[Aim of the task]
Reproduce, with no alteration, the span of lines that begins at the line containing "this 2048×1536 image." and ends at the last line of the records, both ends included, and nothing else.

*** Opening Dataset excerpts ***

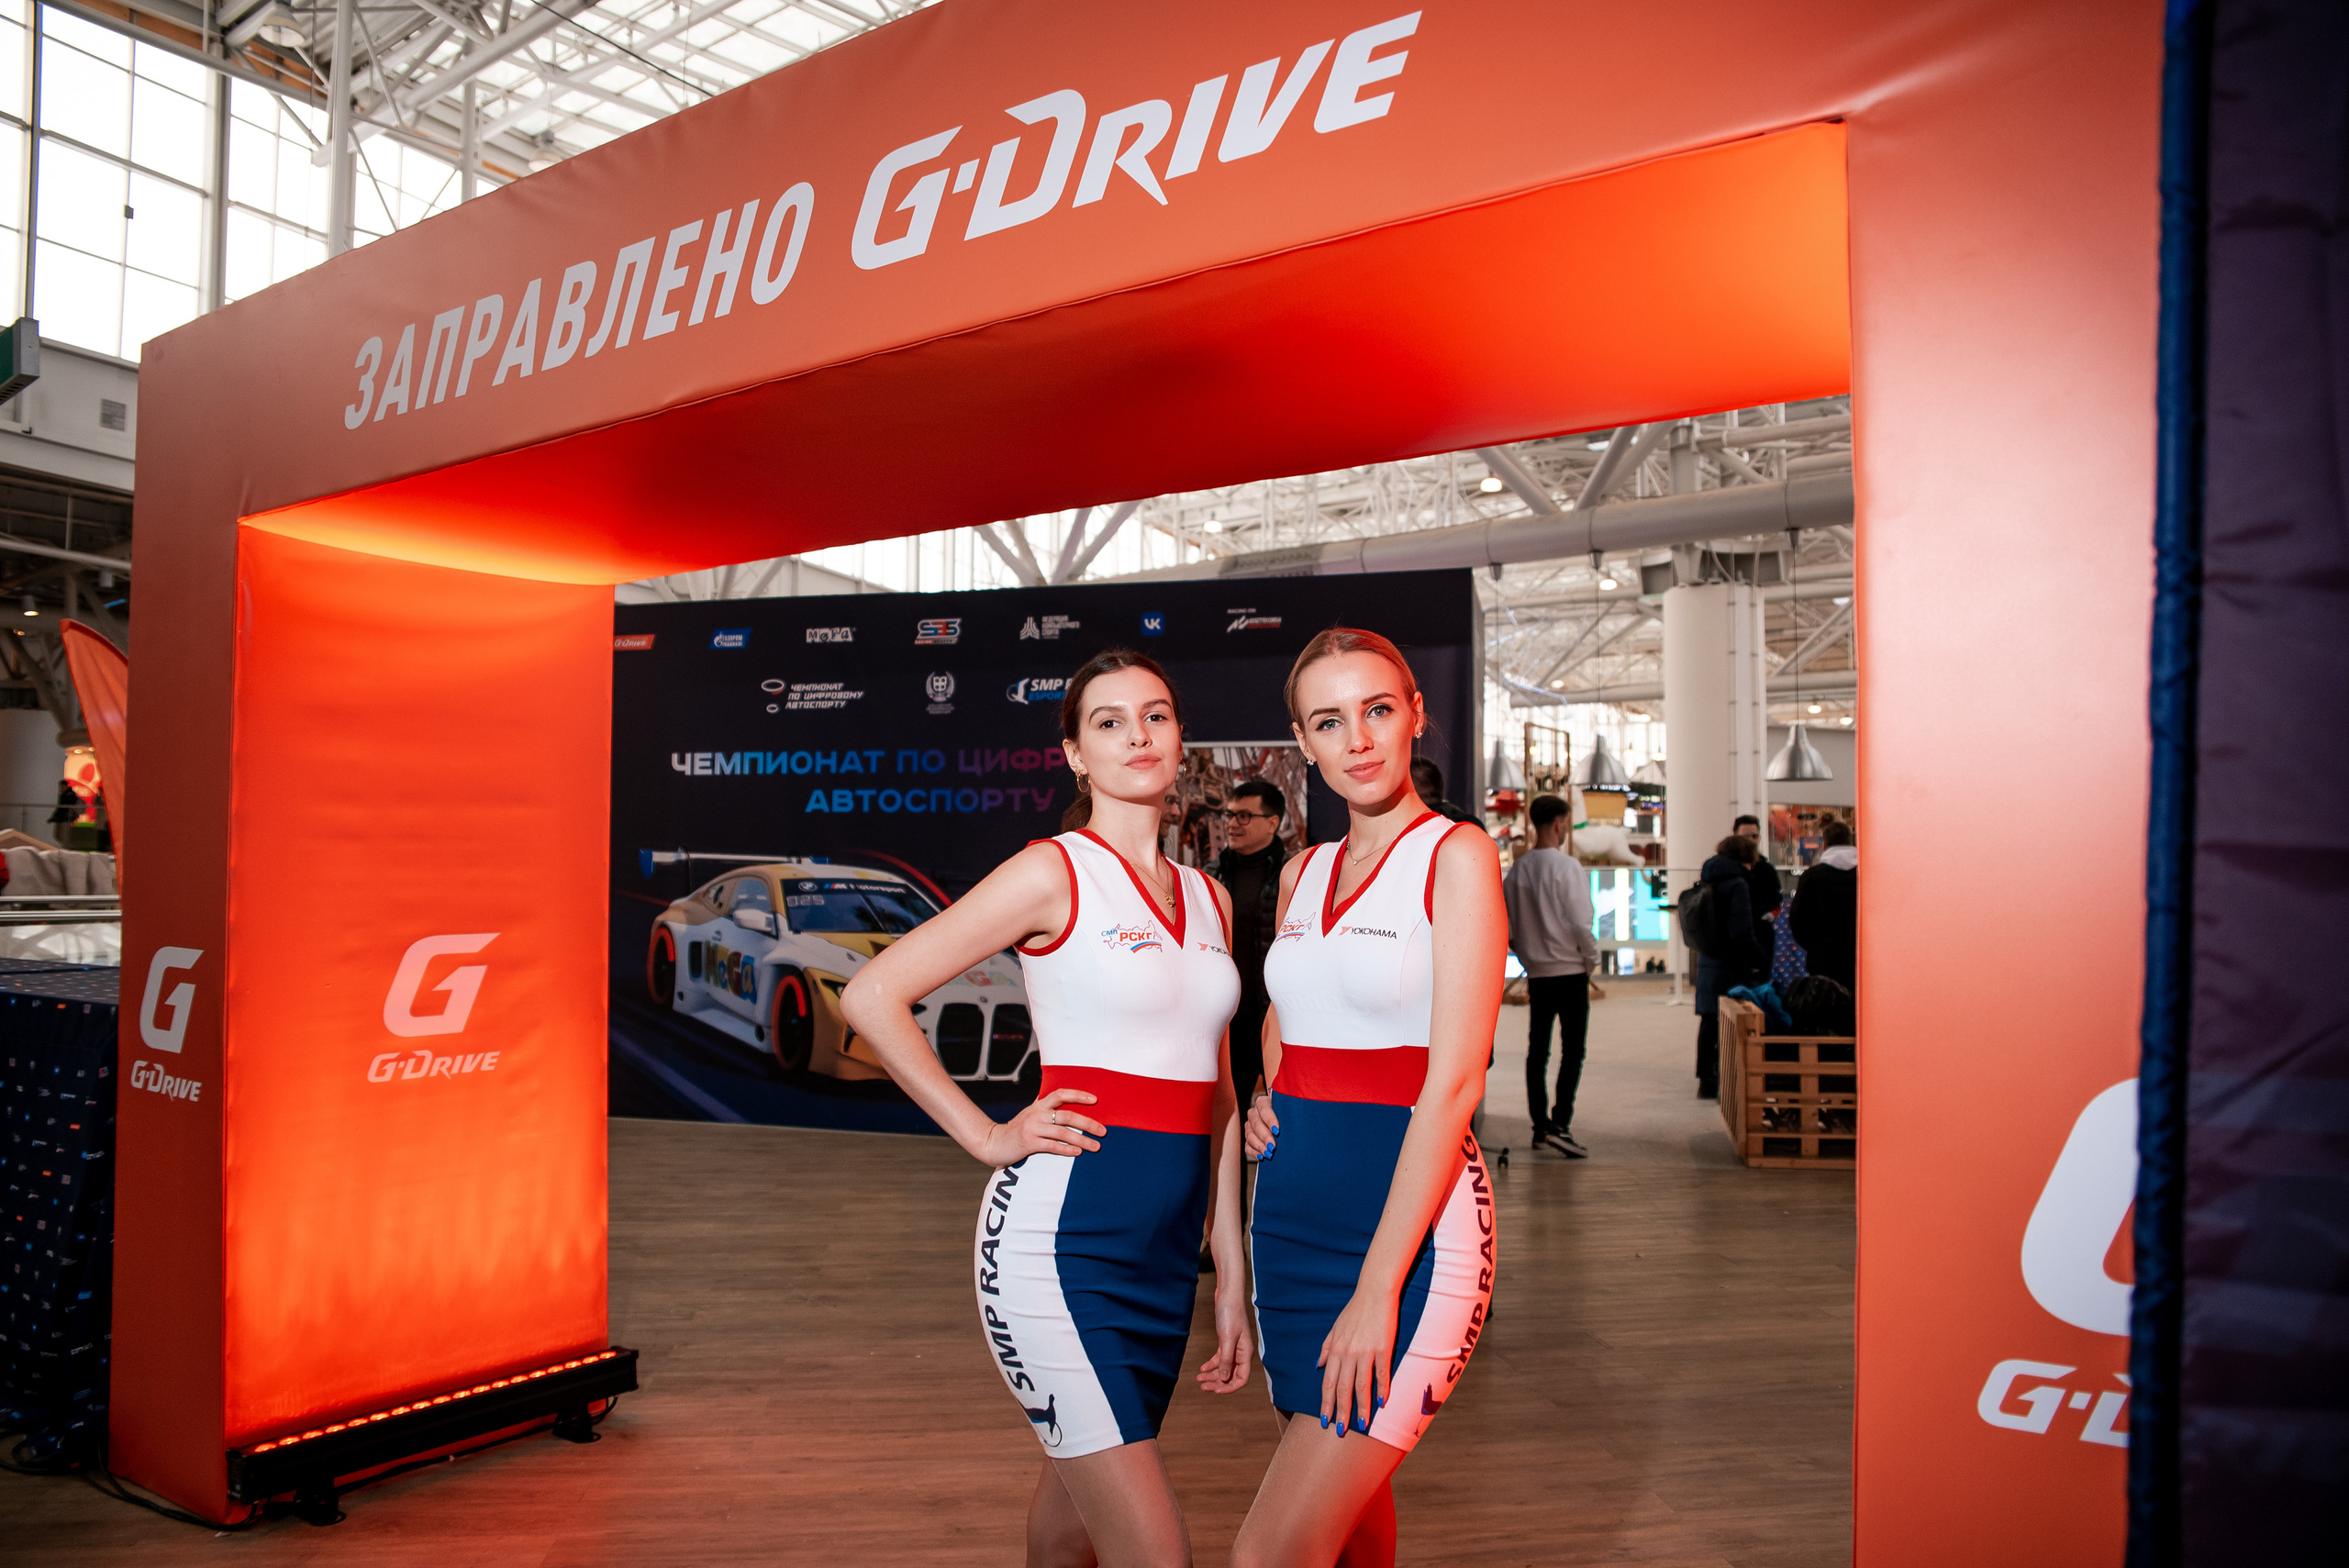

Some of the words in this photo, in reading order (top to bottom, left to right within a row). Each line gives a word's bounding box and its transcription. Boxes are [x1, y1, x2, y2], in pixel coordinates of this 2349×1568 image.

[344, 182, 815, 430] ЗАПРАВЛЕНО
[787, 692, 800, 701] ПО
[803, 691, 864, 701] ЦИФРОВОМУ
[790, 683, 844, 692] ЧЕМПИОНАТ
[1030, 679, 1063, 691] SMP
[785, 700, 846, 710] АВТОСПОРТУ
[671, 750, 885, 776] ЧЕМПИОНАТ
[896, 749, 946, 774] ПО
[957, 747, 1065, 776] ЦИФР
[804, 787, 1055, 814] АВТОСПОРТУ
[1101, 929, 1119, 938] СМП
[1119, 932, 1153, 943] РСКГ
[1351, 927, 1397, 940] YOKOHAMA
[383, 932, 501, 1038] G
[140, 946, 205, 1054] G
[980, 1154, 1029, 1296] RACIN
[1461, 1134, 1494, 1294] RACING
[985, 1304, 1036, 1393] SMP
[1446, 1302, 1484, 1385] SMP
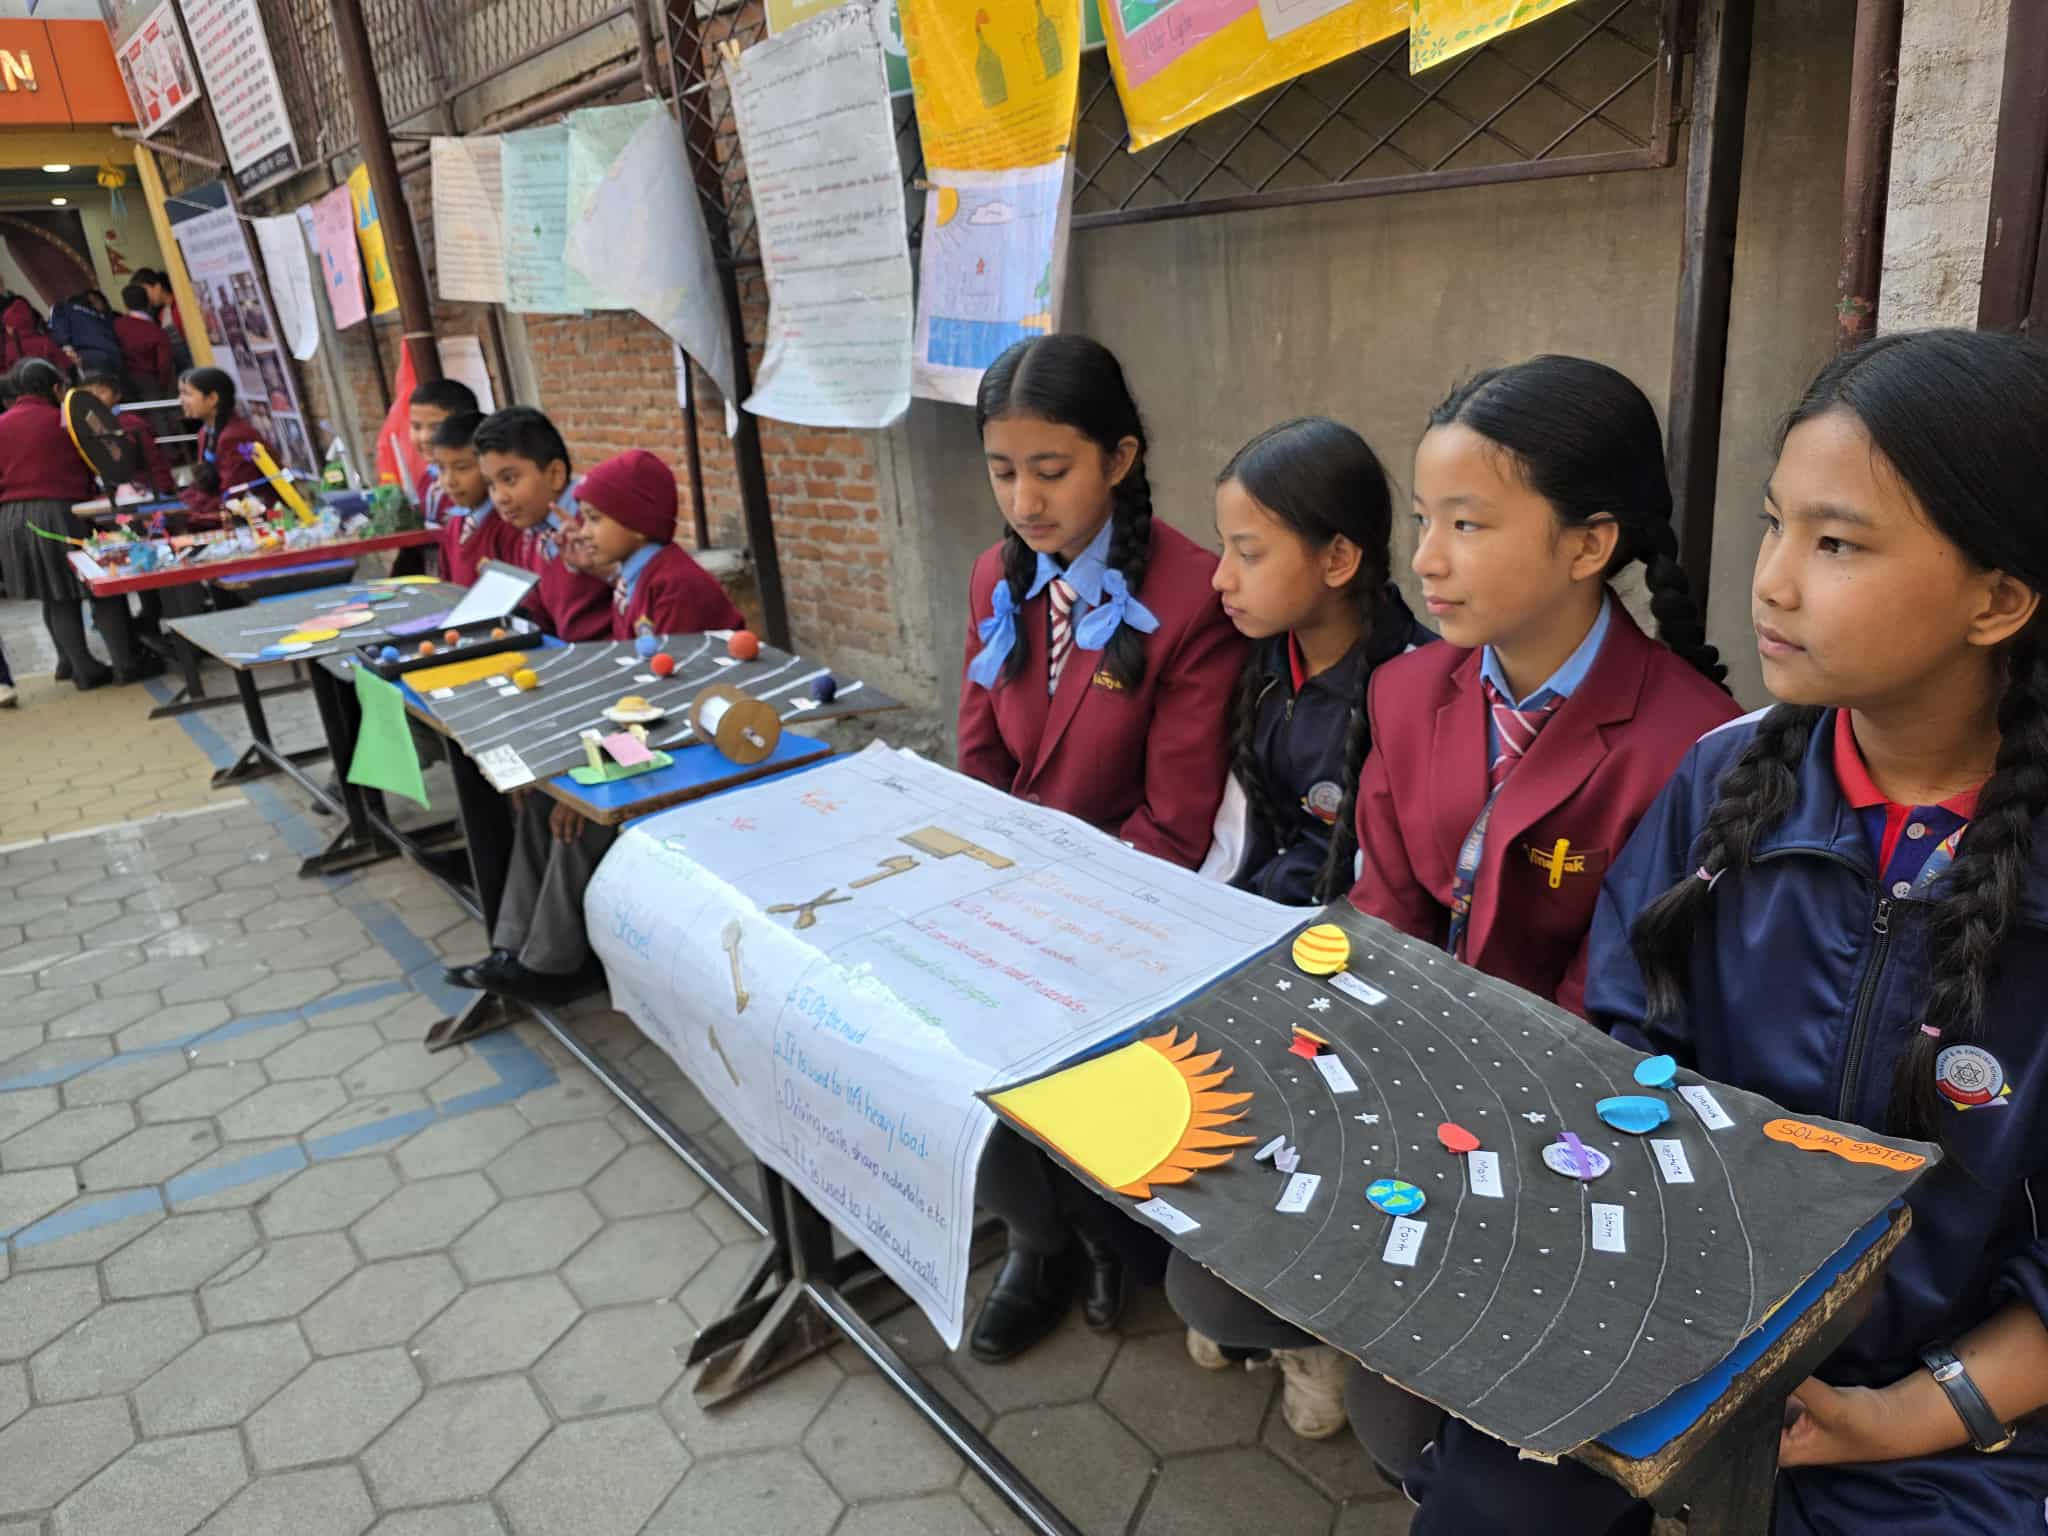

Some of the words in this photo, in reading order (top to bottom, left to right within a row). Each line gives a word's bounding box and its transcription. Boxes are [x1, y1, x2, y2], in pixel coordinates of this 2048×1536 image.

[0, 49, 39, 93] N
[1777, 1121, 1845, 1148] SOLAR
[1851, 1140, 1923, 1166] SYSTEM

*** Closing Dataset excerpts ***

[Result of this task]
Some of the words in this photo, in reading order (top to bottom, left to right within a row). Each line gives a word's bounding box and its transcription. Boxes are [x1, y1, x2, y2], in pixel coordinates of this 2048×1536 image.

[0, 49, 39, 93] N
[1777, 1121, 1845, 1148] SOLAR
[1851, 1140, 1923, 1166] SYSTEM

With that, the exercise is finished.